WHAT TO DO: Give back the records below exactly, omitting the pictures.

Referring expression grounding data:
:::
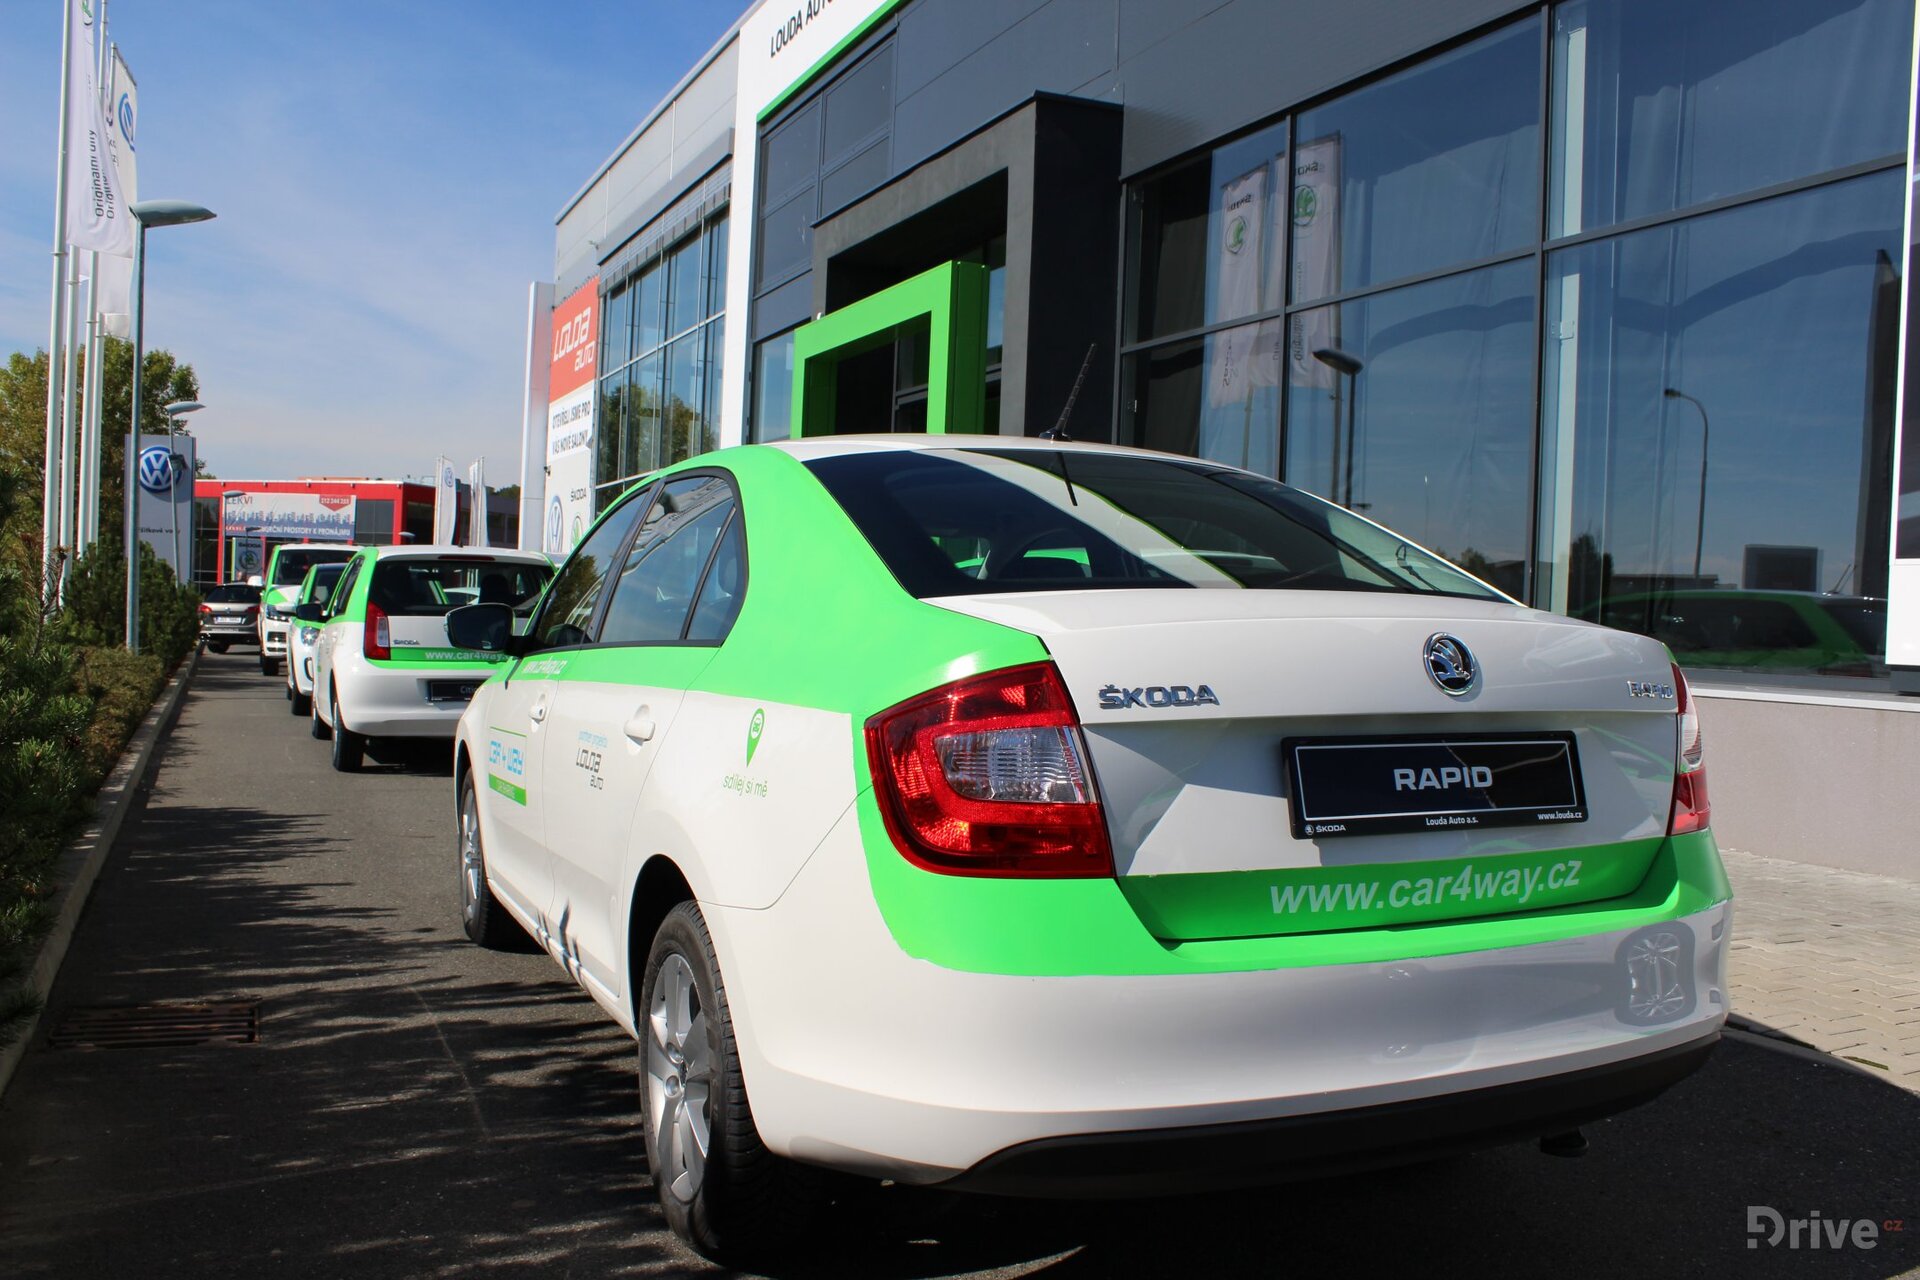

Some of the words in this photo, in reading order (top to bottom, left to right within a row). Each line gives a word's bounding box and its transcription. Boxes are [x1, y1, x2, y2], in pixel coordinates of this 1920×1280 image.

[770, 10, 802, 58] LOUDA
[1098, 684, 1220, 709] ŠKODA
[1626, 680, 1674, 699] RAPID
[1393, 765, 1494, 792] RAPID
[1426, 816, 1448, 826] Louda
[1448, 816, 1466, 825] Auto
[1466, 816, 1479, 824] a.s.
[1537, 811, 1583, 821] www.louda.cz
[1315, 824, 1346, 833] ŠKODA
[1270, 860, 1583, 915] www.car4way.cz
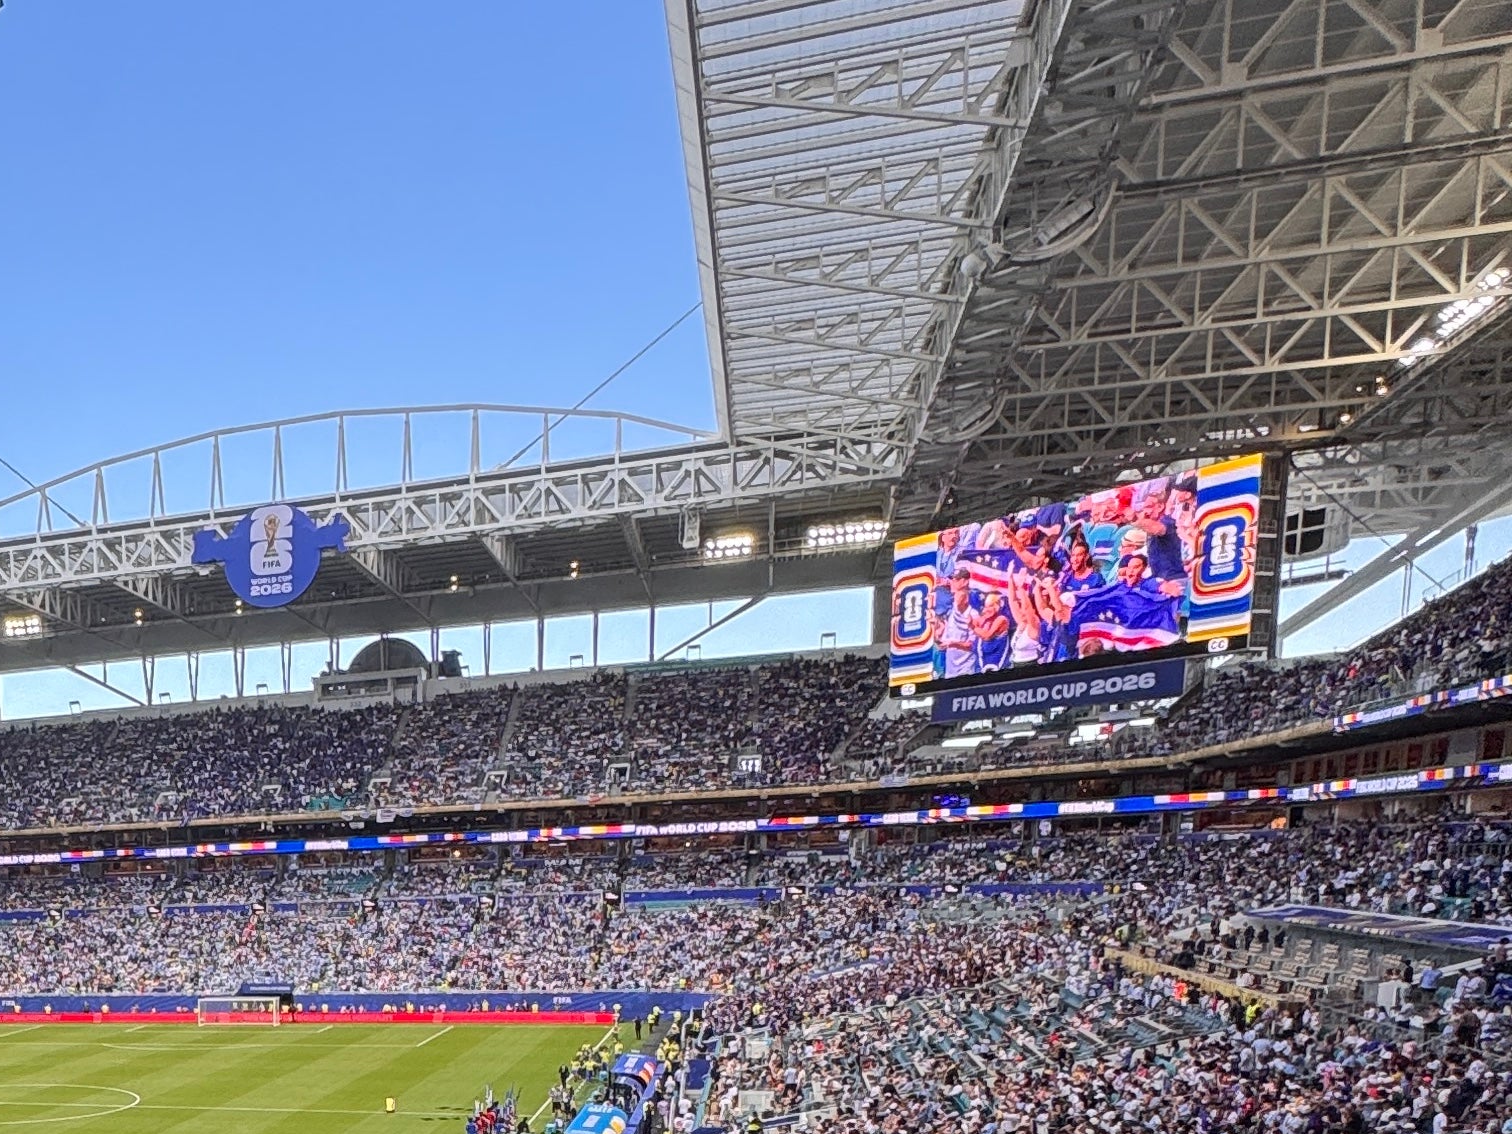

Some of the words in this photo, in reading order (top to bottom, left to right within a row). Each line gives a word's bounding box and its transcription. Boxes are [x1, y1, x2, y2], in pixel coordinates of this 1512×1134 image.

[262, 560, 281, 569] FIFA
[250, 576, 277, 585] WORLD
[277, 574, 293, 583] CUP
[250, 582, 293, 597] 2026
[952, 694, 986, 712] FIFA
[988, 687, 1050, 708] WORLD
[1051, 682, 1087, 701] CUP
[1089, 672, 1156, 697] 2026
[635, 825, 658, 836] FIFA
[659, 823, 696, 834] WORLD
[696, 821, 718, 832] CUP
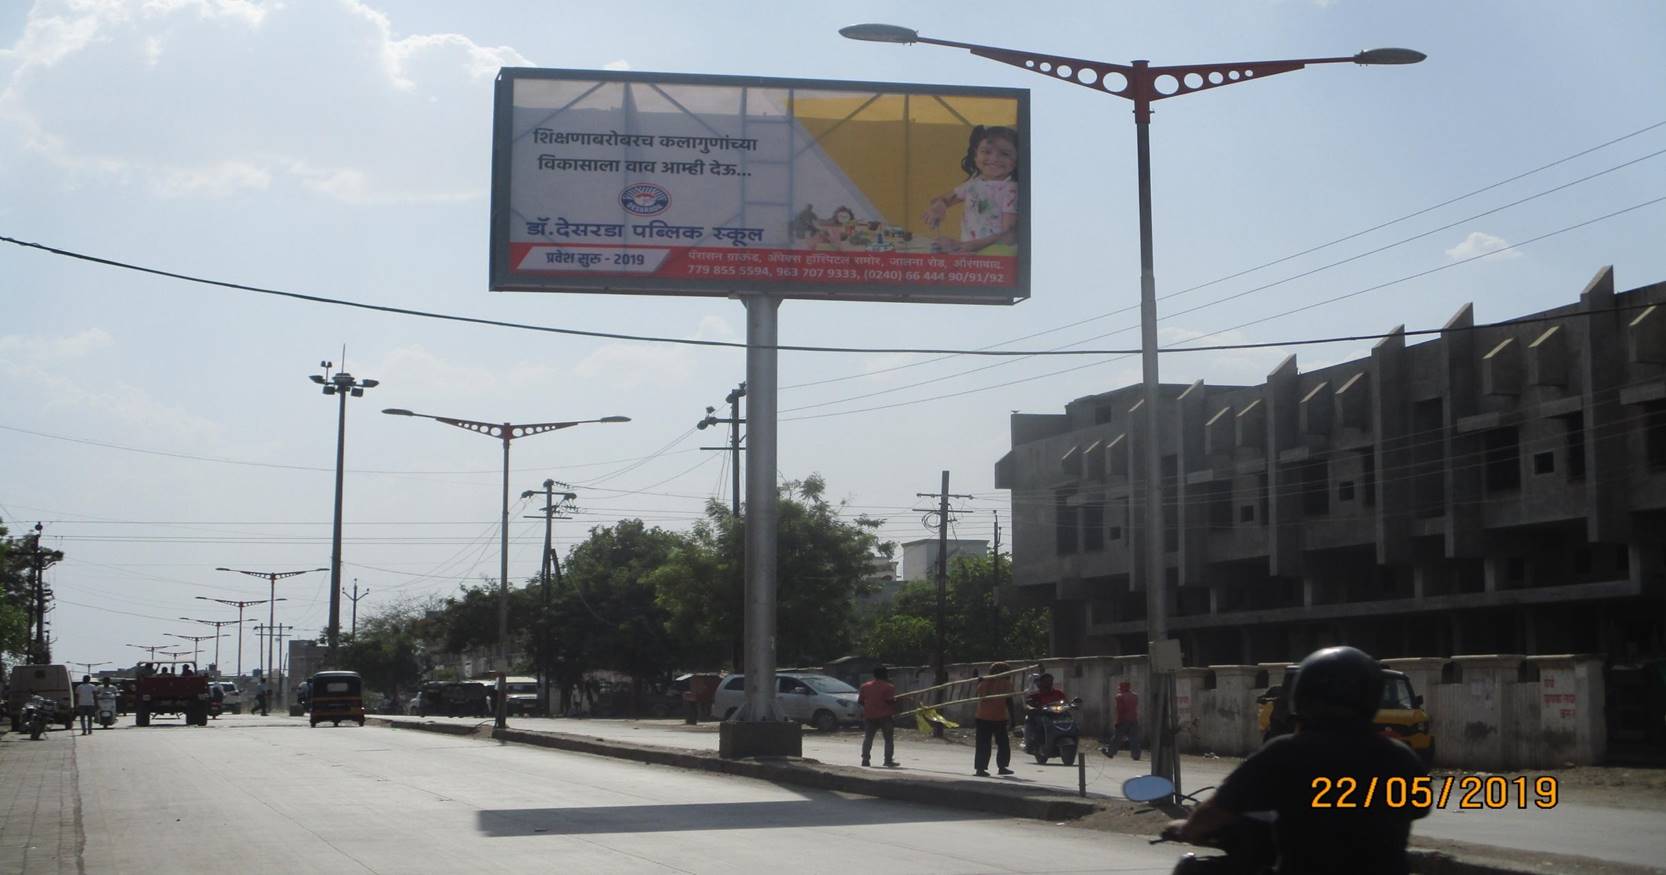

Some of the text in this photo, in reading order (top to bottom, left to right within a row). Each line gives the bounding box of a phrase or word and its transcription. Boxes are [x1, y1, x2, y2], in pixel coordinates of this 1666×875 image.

[533, 127, 758, 154] शिक्षणाबरोबरच कलागुणांच्या
[537, 154, 752, 177] विकासाला वाव आम्ही देऊ...
[632, 219, 704, 240] पब्लिक
[712, 226, 764, 246] स्कूल
[546, 249, 575, 264] प्रवेश
[614, 253, 645, 266] 2019
[688, 264, 1004, 283] 779 855 5594, 963 707 9333, (0240) 66 444 90/91/92
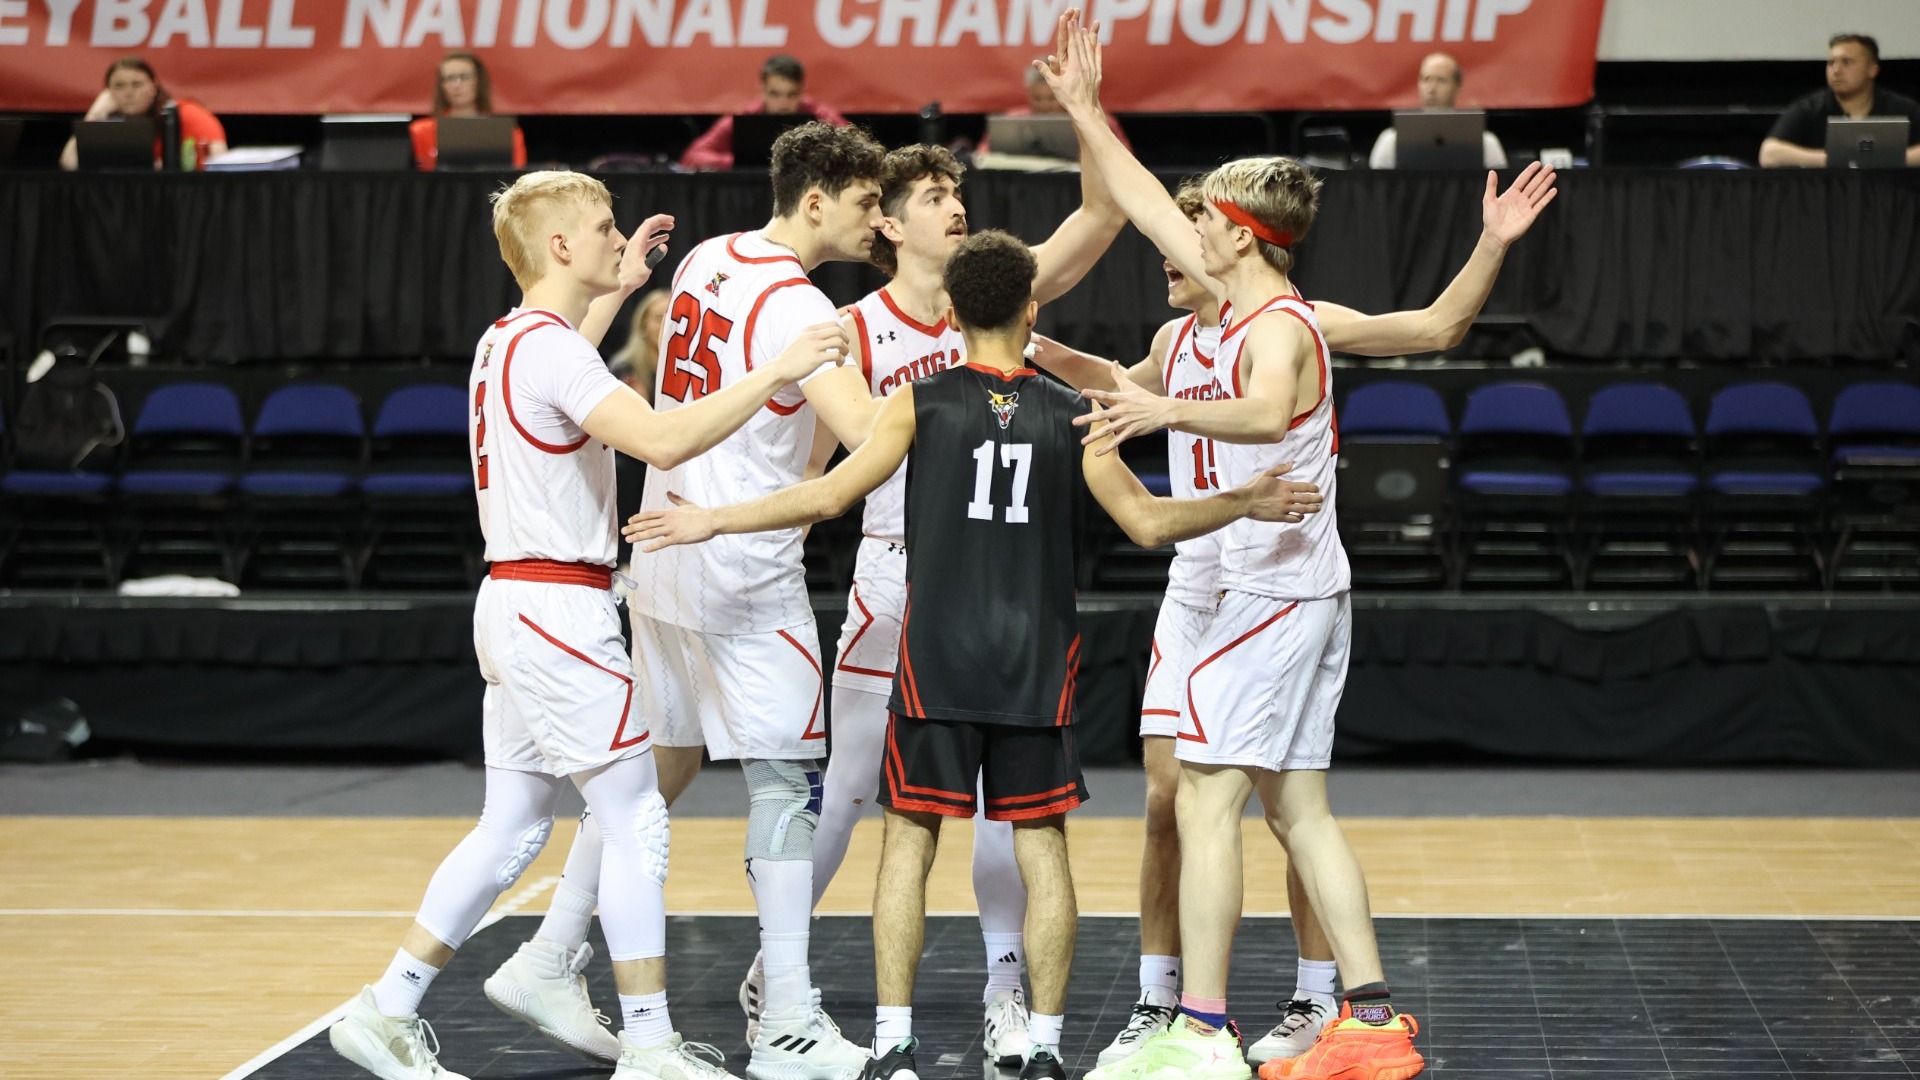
:::
RESULT OF THIS EXERCISE:
Some of the words in this photo, in reading order (top to bottom, left to right within a row). Each line gives a word's bounding box and its transcription. Boxes are [x1, y1, x2, y2], in pixel coordinates of this 1920×1280 image.

[770, 10, 802, 58] LOUDA
[1098, 684, 1220, 709] ŠKODA
[1626, 680, 1674, 699] RAPID
[1393, 765, 1494, 792] RAPID
[1426, 816, 1448, 826] Louda
[1448, 816, 1466, 825] Auto
[1466, 816, 1479, 824] a.s.
[1537, 811, 1583, 821] www.louda.cz
[1315, 824, 1346, 833] ŠKODA
[1270, 860, 1583, 915] www.car4way.cz

Some of the words in this photo, in reading order (top to bottom, left to right within a row). Each line gives a word's bounding box and its transcription. Boxes are [x1, y1, x2, y2], in pixel coordinates of this 1512×1134 image.

[262, 560, 281, 569] FIFA
[250, 576, 277, 585] WORLD
[277, 574, 293, 583] CUP
[250, 582, 293, 597] 2026
[952, 694, 986, 712] FIFA
[988, 687, 1050, 708] WORLD
[1051, 682, 1087, 701] CUP
[1089, 672, 1156, 697] 2026
[635, 825, 658, 836] FIFA
[659, 823, 696, 834] WORLD
[696, 821, 718, 832] CUP

Some of the text in this photo, in reading order (top to bottom, left to right within a row). Each line gives the bounding box of a phrase or word and its transcription. Boxes are [x1, y1, x2, y2], in pixel coordinates of this 1666×875 image.

[533, 127, 758, 154] शिक्षणाबरोबरच कलागुणांच्या
[537, 154, 752, 177] विकासाला वाव आम्ही देऊ...
[632, 219, 704, 240] पब्लिक
[712, 226, 764, 246] स्कूल
[546, 249, 575, 264] प्रवेश
[614, 253, 645, 266] 2019
[688, 264, 1004, 283] 779 855 5594, 963 707 9333, (0240) 66 444 90/91/92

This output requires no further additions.